Renvil pun langsung membersihkan lensa kacamatanya, kemudian menyangkutkannya di kedua daun telinganya.
Dua gadis di depannya tersentak, lelaki tampan di depannya langsung jatuh kadar ketampanannya, kacamata tebal bundar sempurna setebal pantat botol menghiasi wajah tampan tersebut.
"Jiaaah.. Buang tuh kacamata Ren, bikin ilfeel gua aja." jawab Sinta jujur sejujur-jujurnya.
Renvil hanya tersenyum mendengar perkataan Sinta, wajahnya memang berubah tatkala ia memakai kacamata pemberian ayahnya tersebut.
"Nama gua Agni, ini Sinta, kalo si Johan ganggu elu lagi bilang ke gua, ngerti lu..!?" terang Agni.
"Iya kak."
"Dan satu hal lagi!"
Renvil terdiam mendengarkan kata-kata selanjutnya dari Agni.
"Mulai hari ini elu jadi budak gua, ngerti lu..?!"
Sinta dan Renvil tersentak mendengar kata-kata Agni.
"I..iya kak Agni."
-Biarkanlah cintaku membawamu keatas awan hingga burung pun iri karena tidak bisa terbang begitu tinggi-
-CloudLove-
"Akh elah telat lagi kan, elu sih Sin pake sarapan bubur kacang ijo dulu," dengus kesal seorang remaja perempuan dengan tas ransel di punggungnya.
"Hehe, mangap Gi diriku pan lavar, nanti cantik ini lunthur engga mamam dulu," jawab temannya dengan candaan.
"Tailah, yuk muter, kita lewat belakang," dengus kesal sang gadis berambut pendek tersebut.
Sang perempuan hanya mengangguk mengiyakan ide temannya, kedua gadis itu beranjak pergi menuju ke belakang sekolah sebelum guru yang menjaga gerbang melihat mereka.
Sreek..
Sreeek..
"Tas gua jangan di seret kampret..!"
"Mangap Gi, sempit ini lubang."
"Makanya diet..! Makan mulu hidup lu."
"Dailah kayak tetangga gua aje luh, mulutnye pedes kayak boncabe."
"Sstt.. Diem Sin, denger enggak lu?

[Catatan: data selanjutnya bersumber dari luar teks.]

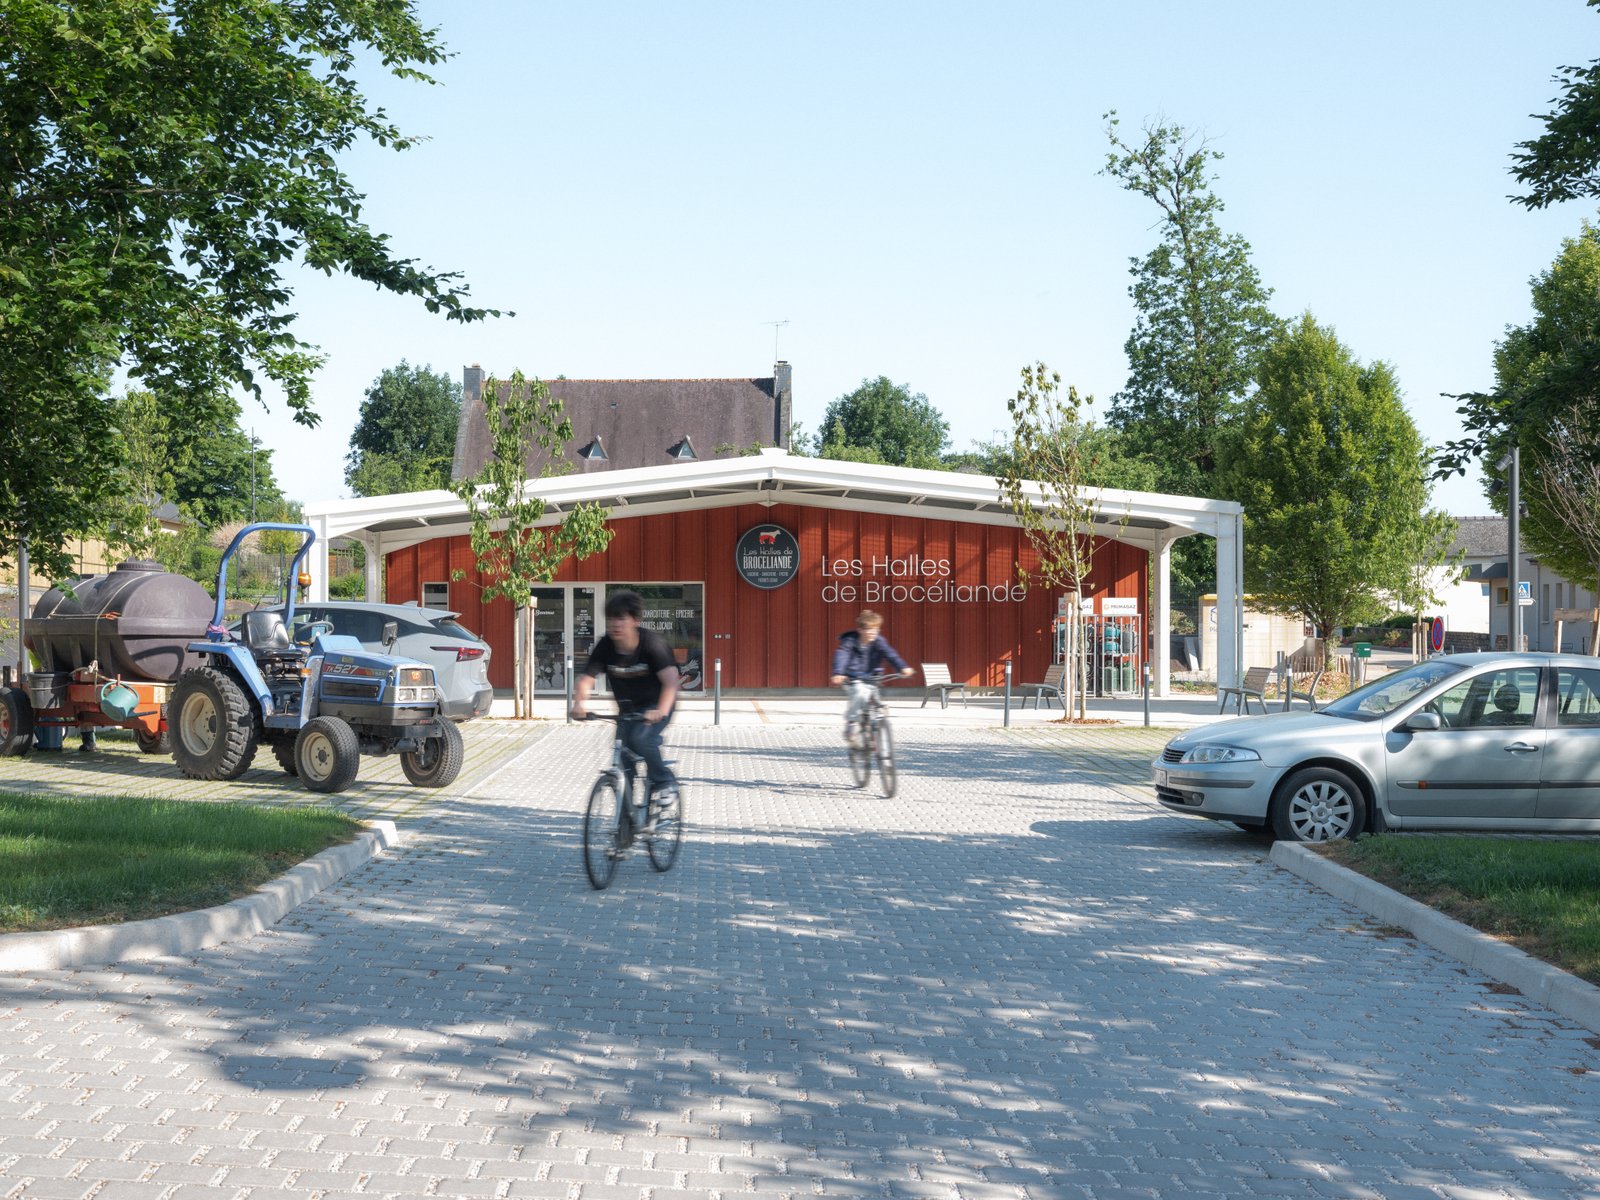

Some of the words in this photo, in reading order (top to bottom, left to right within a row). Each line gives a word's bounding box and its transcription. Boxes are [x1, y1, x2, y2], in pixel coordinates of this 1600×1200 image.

[783, 546, 793, 555] de
[743, 555, 793, 569] BROCELIANDE
[821, 555, 863, 577] Les
[872, 554, 951, 577] Halles
[821, 581, 857, 603] de
[866, 579, 1027, 603] Brocéliande
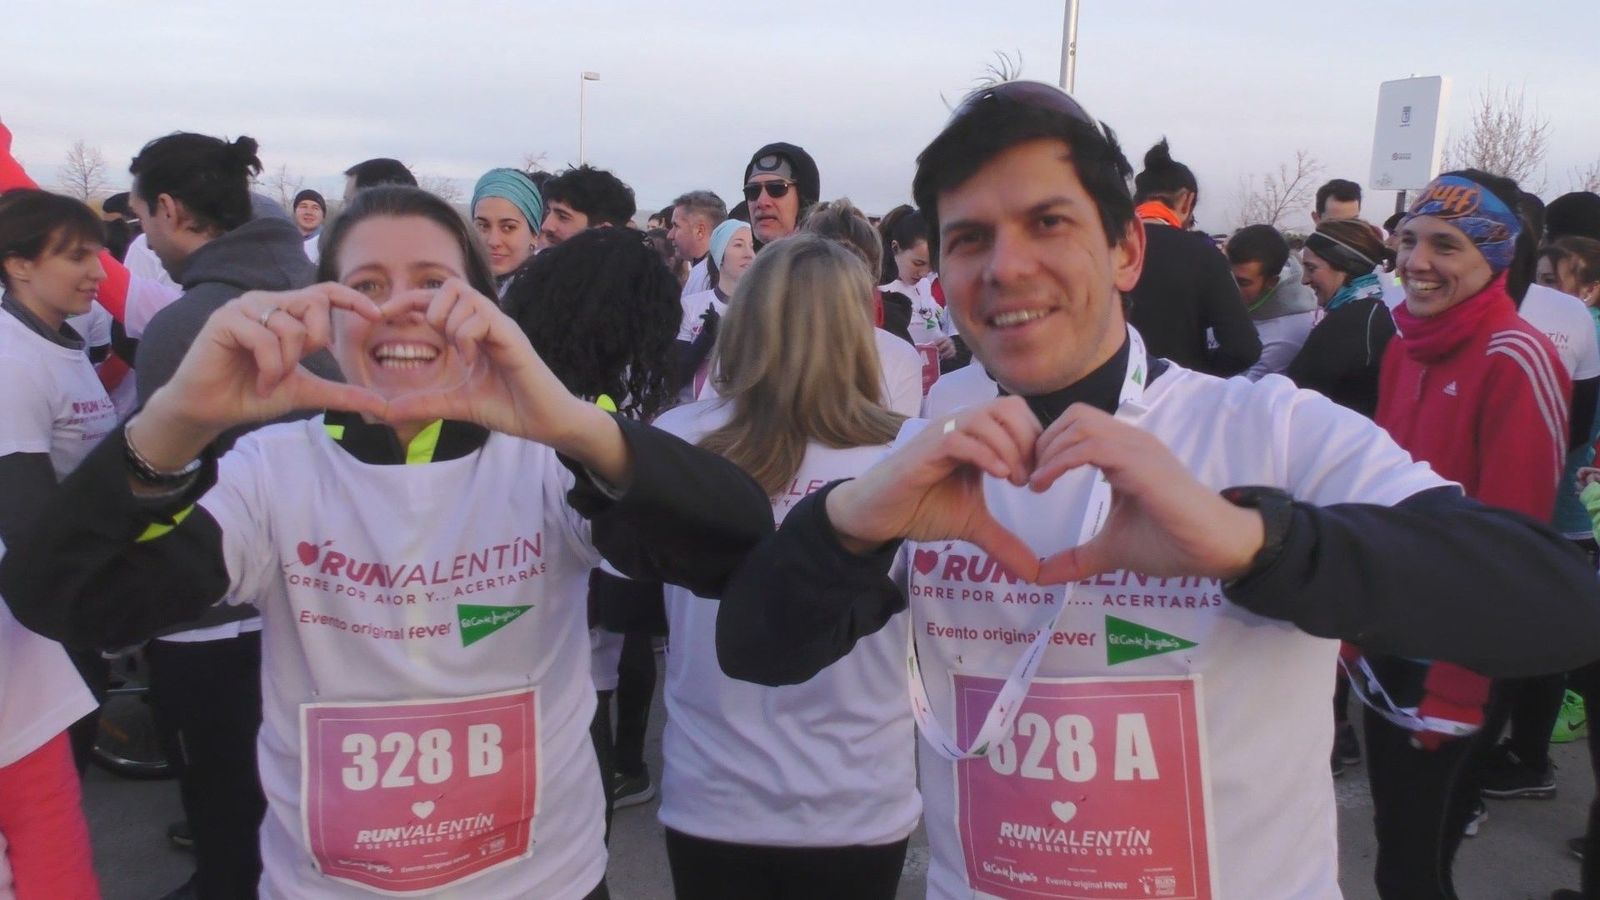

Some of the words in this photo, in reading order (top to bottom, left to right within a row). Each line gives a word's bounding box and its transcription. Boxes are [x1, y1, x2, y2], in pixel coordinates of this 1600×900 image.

[335, 583, 366, 601] POR
[454, 562, 547, 597] ACERTARÁS
[962, 589, 994, 602] POR
[1003, 592, 1055, 605] AMOR
[1102, 590, 1222, 609] ACERTARÁS
[300, 610, 347, 631] Evento
[351, 622, 404, 640] original
[409, 622, 453, 639] fever
[926, 622, 978, 640] Evento
[1048, 631, 1097, 646] ever
[342, 728, 453, 791] 328
[467, 723, 504, 778] B
[1114, 713, 1160, 781] A
[357, 813, 495, 844] RUNVALENTÍN
[1000, 821, 1152, 847] RUNVALENTÍN
[1009, 840, 1023, 848] DE
[1030, 843, 1089, 855] FEBRERO
[1096, 848, 1113, 857] DE

Kayak ada orang di belakang."
Kedua remaja itu mencari arah suara, kedua mata mereka melirik empat murid lelaki sedang berkumpul, Agni dan Sinta menguping pembicaraan mereka.
"Heh cupu kuadrat..! Gua udah bilang kerjain PR gua, kenapa masih kosong ini."
"Udah hajar aje bos, anak cupu gini mesti di takol biar nurut," jawab temannya mengompori keadaan.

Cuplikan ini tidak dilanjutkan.